De rechtbank heeft in die uitspraak in haar beoordeling het rapport van 8 maart 2018 van het CPT meegenomen. Uit dat rapport kan, kort gezegd, worden opgemaakt dat psychische gezondheidszorg wordt verleend in Belgische penitentiaire inrichtingen, maar dat zij wel kampen met een tekort aan zorgpersoneel.
Dit rapport levert naar het oordeel van de rechtbank onvoldoende onderbouwing op voor het bestaan van een reëel gevaar voor een onmenselijke of vernederende behandeling voor gedetineerden met psychische problemen in het algemeen. Dat het CPT, vanwege een tekort aan zorgpersoneel in gevangenissen, aanraadt onder meer het aantal psychiaters en klinisch psychologen te vergroten, leidt niet tot het oordeel dat er een reëel gevaar voor een onmenselijke of vernederende behandeling – zoals bedoeld in artikel 4 van het Handvest van de grondrechten van de Europese Unie – bestaat voor gedetineerden die door Nederland aan België worden overgeleverd en die – zoals de opgeëiste persoon – gebruik zullen moeten maken van medische voorzieningen op het gebied van de geestelijke gezondheidszorg. Het artikel waar de advocaat op wijst is onvoldoende om tot een ander oordeel te komen.
De detentieomstandigheden in België vormen gelet op het voorgaande geen reden de beslissing over de overlevering van de opgeëiste persoon aan België uit te stellen. Ook in de op handen zijnde behandeling in Nederland, ziet de rechtbank geen aanleiding de zaak aan te houden.
In het geval de rechtbank de overlevering toestaat, is het aan de officier van justitie om te beoordelen of de medische omstandigheden overeenkomstig artikel 35, derde lid, van de OLW tot uitstel van de feitelijke overlevering zouden moeten leiden. Deze beslissing over de feitelijke overlevering staat los van de door de rechtbank daaraan voorafgaand te nemen beslissing over de toelaatbaarheid van de overlevering.

7.Slotsom

Nu is vastgesteld dat het EAB voldoet aan de eisen van artikel 2 van de OLW en ook overigens geen weigeringsgronden aan de overlevering in de weg staan, dient de overlevering te worden toegestaan.

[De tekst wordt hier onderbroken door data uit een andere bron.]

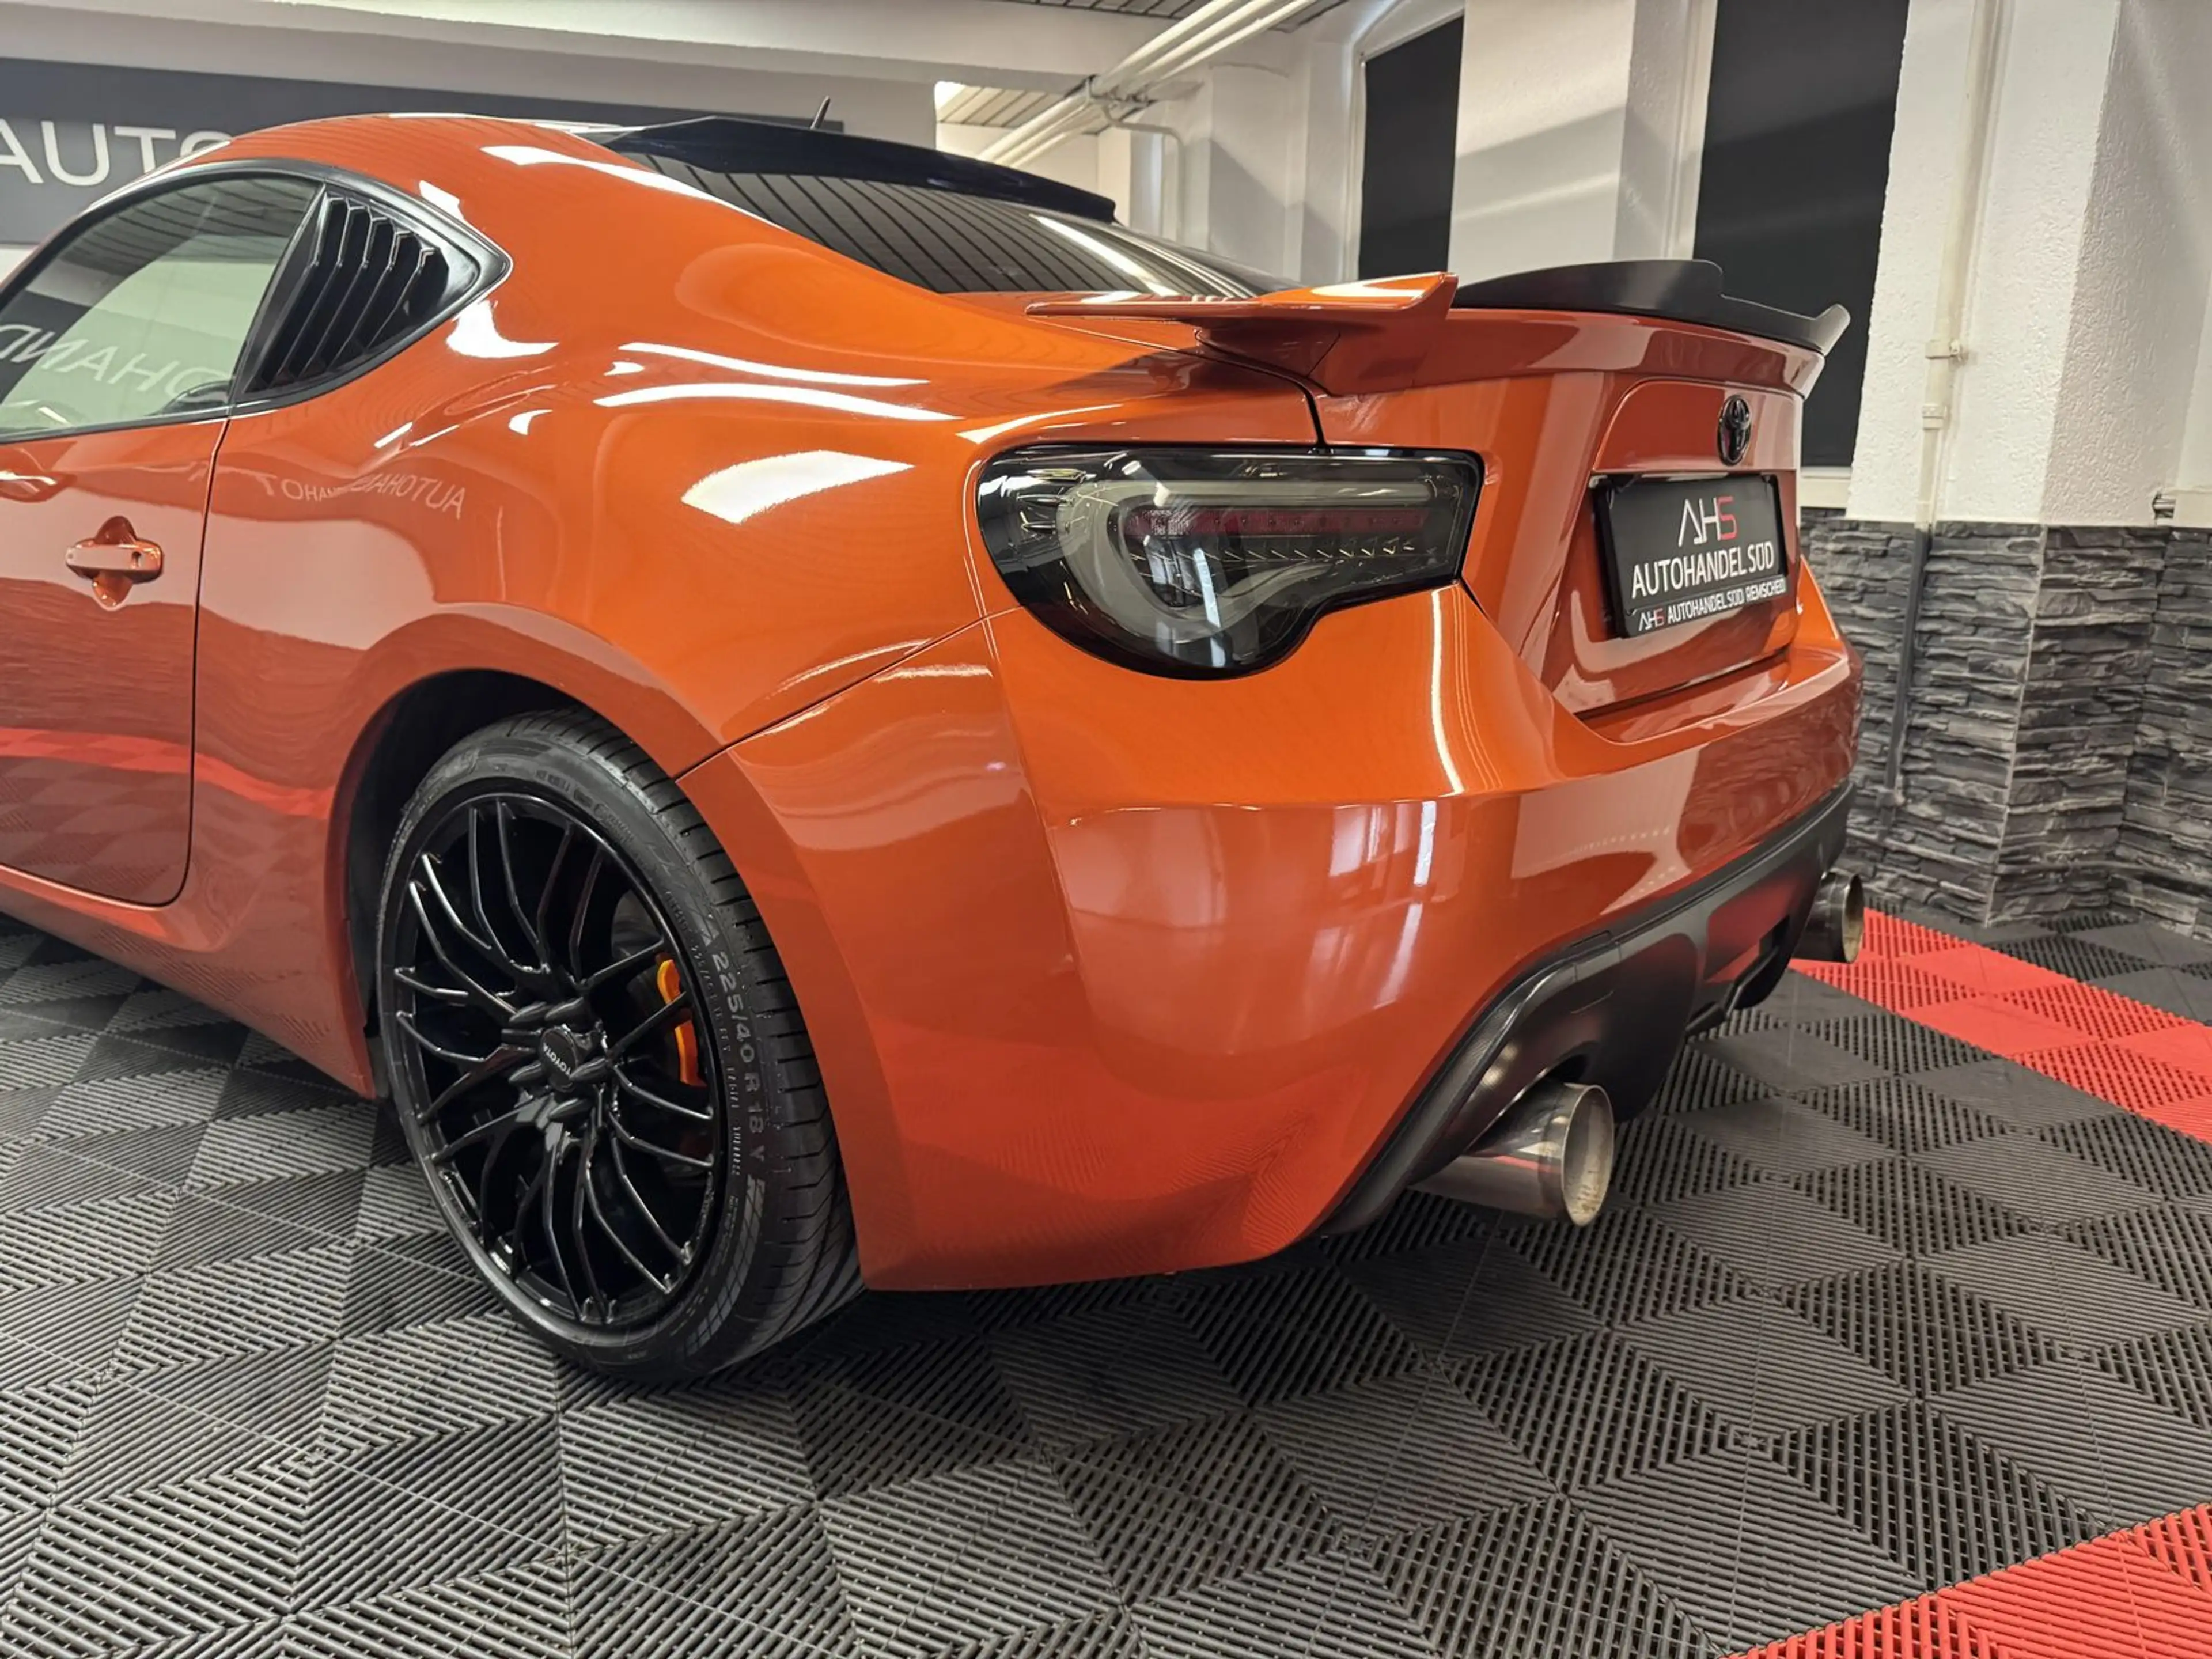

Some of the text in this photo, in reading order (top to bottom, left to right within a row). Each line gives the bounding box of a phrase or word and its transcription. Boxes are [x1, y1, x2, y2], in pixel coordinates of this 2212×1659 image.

[1631, 547, 1747, 599] AUTOHANDEL
[1667, 593, 1728, 624] AUTOHANDEL
[712, 951, 755, 1063] 225/40
[543, 1043, 571, 1077] TOYOTA

8.Toepasselijke wetsartikelen

Artikelen 2, 5 en 7 van de OLW.

9.Beslissing

STAAT TOEde overlevering van
[opgeëiste persoon]aan de onderzoeksrechter in de rechtbank van eerste aanleg van Antwerpen voor het in België tegen hem gerichte strafrechtelijk onderzoek naar het feit waarvoor de overlevering wordt verzocht.
Aldus gedaan door
mr. J.A.A.G. de Vries, voorzitter,
mrs. H.B. van Gijn en R.A.J. Hübel, rechters,
in tegenwoordigheid van D. Smeets, griffier,
en uitgesproken ter openbare zitting van 21 juni 2018.
Ingevolge artikel 29, tweede lid, OLW staat tegen deze uitspraak geen gewoon rechtsmiddel open.